James Best, an actor best known for his portrayal of bumbling Sheriff Rosco P. Coltrane on the hit TV series "The Dukes of Hazzard," died Monday night, his wife confirmed to NBC News.
Best, 88, had spent his final days in a Hickory, North Carolina hospice, where he succumbed to complications related to pneumonia, according to his wife, Dorothy Best Collier.
Born in Kentucky in 1926, Best learned acting in the Army, and moved to Hollywood in the 1950s, where he appeared in dozens of war pictures, Westerns and comedies over a career that spanned seven decades. But his most famous character was Coltrane, the ornery lawman who seemed to do nothing but chase Bo and Luke Duke — and their orange 1969 Dodge Charger — around fictional Hazzard County, Georgia.
"Roscoe was his defining character, but he had such a beautiful and wonderful and vast career," Collier said.
Best took on that character after briefly leaving Hollywood to teach acting in the 1970s, according to an obituary posted on Best's website by a friend and authorized by his family. The role came to him in 1979, when CBS developed a mid-season replacement series about a pair of daredevil cousins who outwit and outrun a corrupt county commissioner, Boss Hogg, and his Keystone Cop-like police force. Best's Coltrane, often accompanied by a lethargic basset hound named Flash, became of the show's most popular characters.
"The Dukes of Hazzard" was a massive hit, running until 1985. After the show wrapped, Best kept acting in other projects.
But he continued to embrace Sheriff Coltrane, reprising the character for a pair of reunion movies and in a video game based on the show.
“I acted the part as good as I could,” Best once told The Charlotte Observer. “Rosco — let’s face it — was a charmer. It was a fun thing.”

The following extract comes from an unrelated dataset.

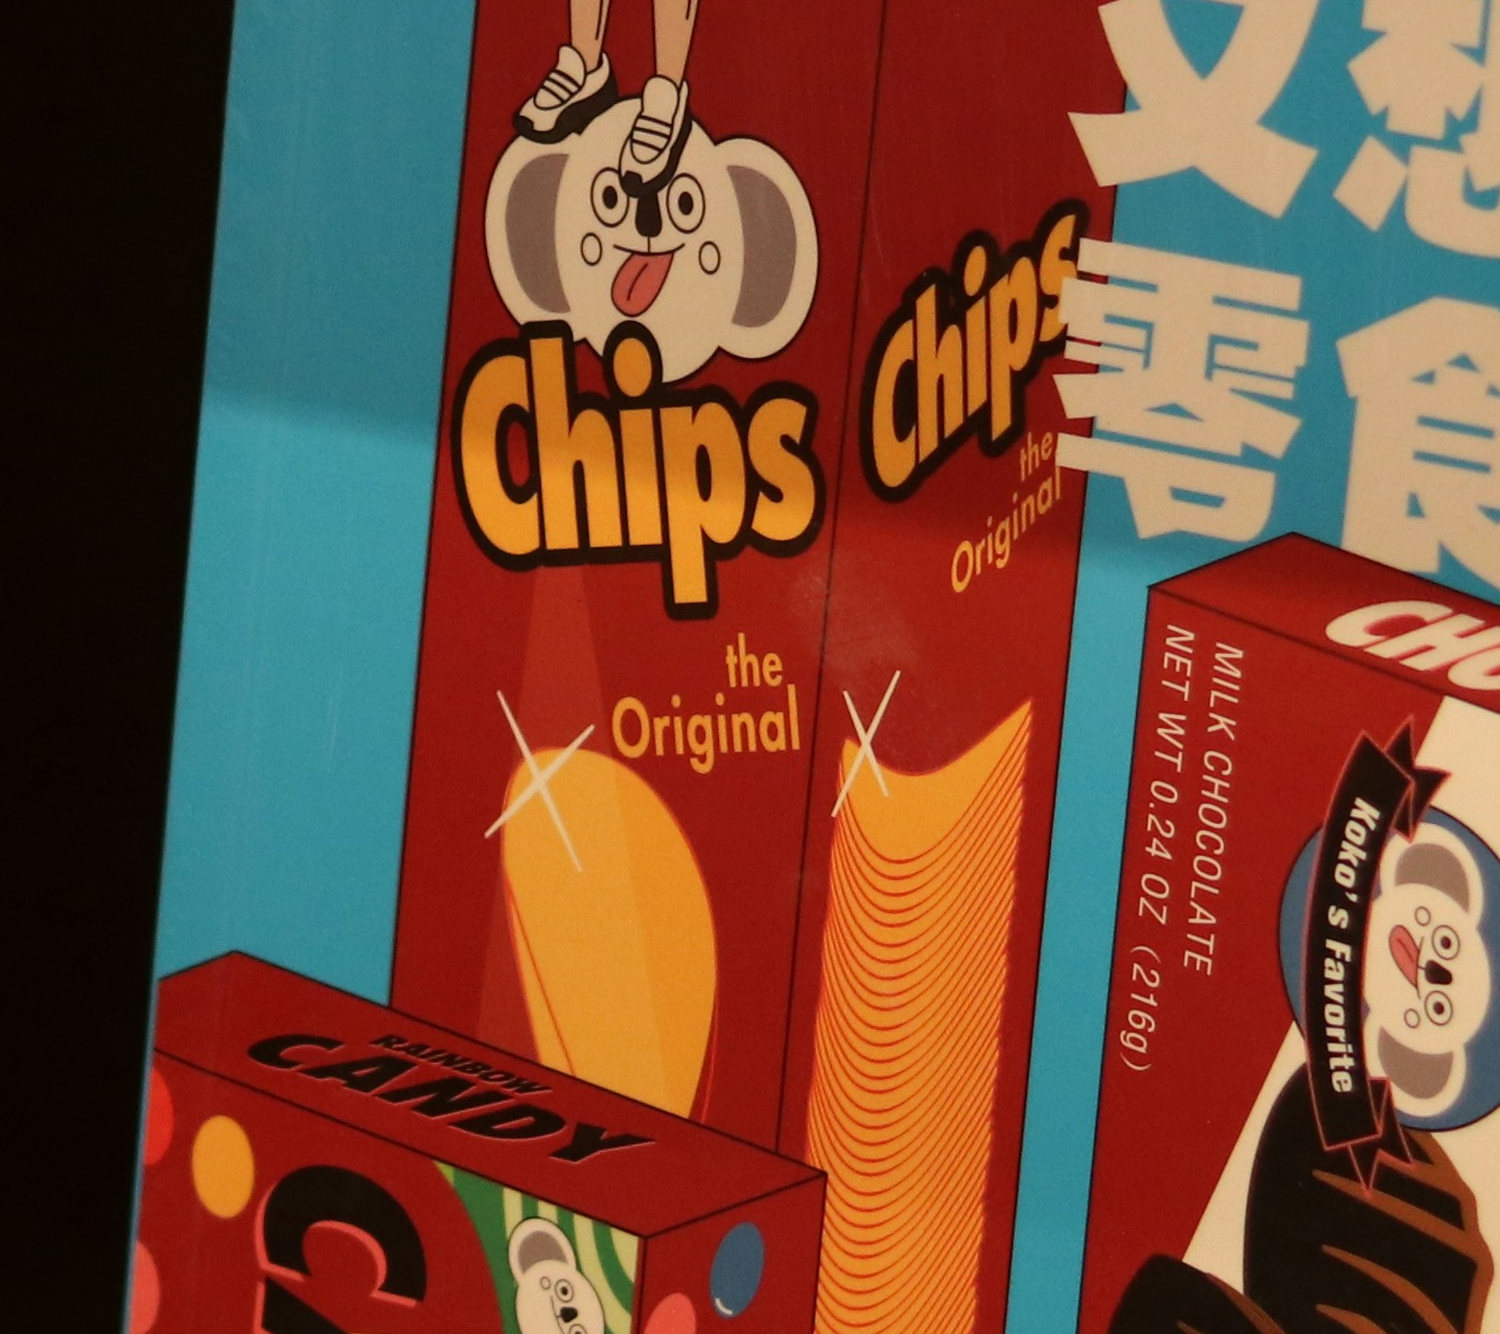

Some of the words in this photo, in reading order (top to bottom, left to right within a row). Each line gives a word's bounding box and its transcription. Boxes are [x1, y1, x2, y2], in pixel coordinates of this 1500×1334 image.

He also wrote, produced and directed other projects, and acted on stage. He produced a 2012 sequel to the 1959 cult horror movie "The Killer Shrews," in which he had starred. His last completed film was "The Sweeter Side of Life," a 2013 movie for the Hallmark Channel.
At the time of his death, he was working on a film about World War II veterans, his online obituary said.
In addition to Collier, Best is survived by a son, Gary Allen Best, daughters JoJami Best Tyler and Janeen Damian and their families, including three grandchildren.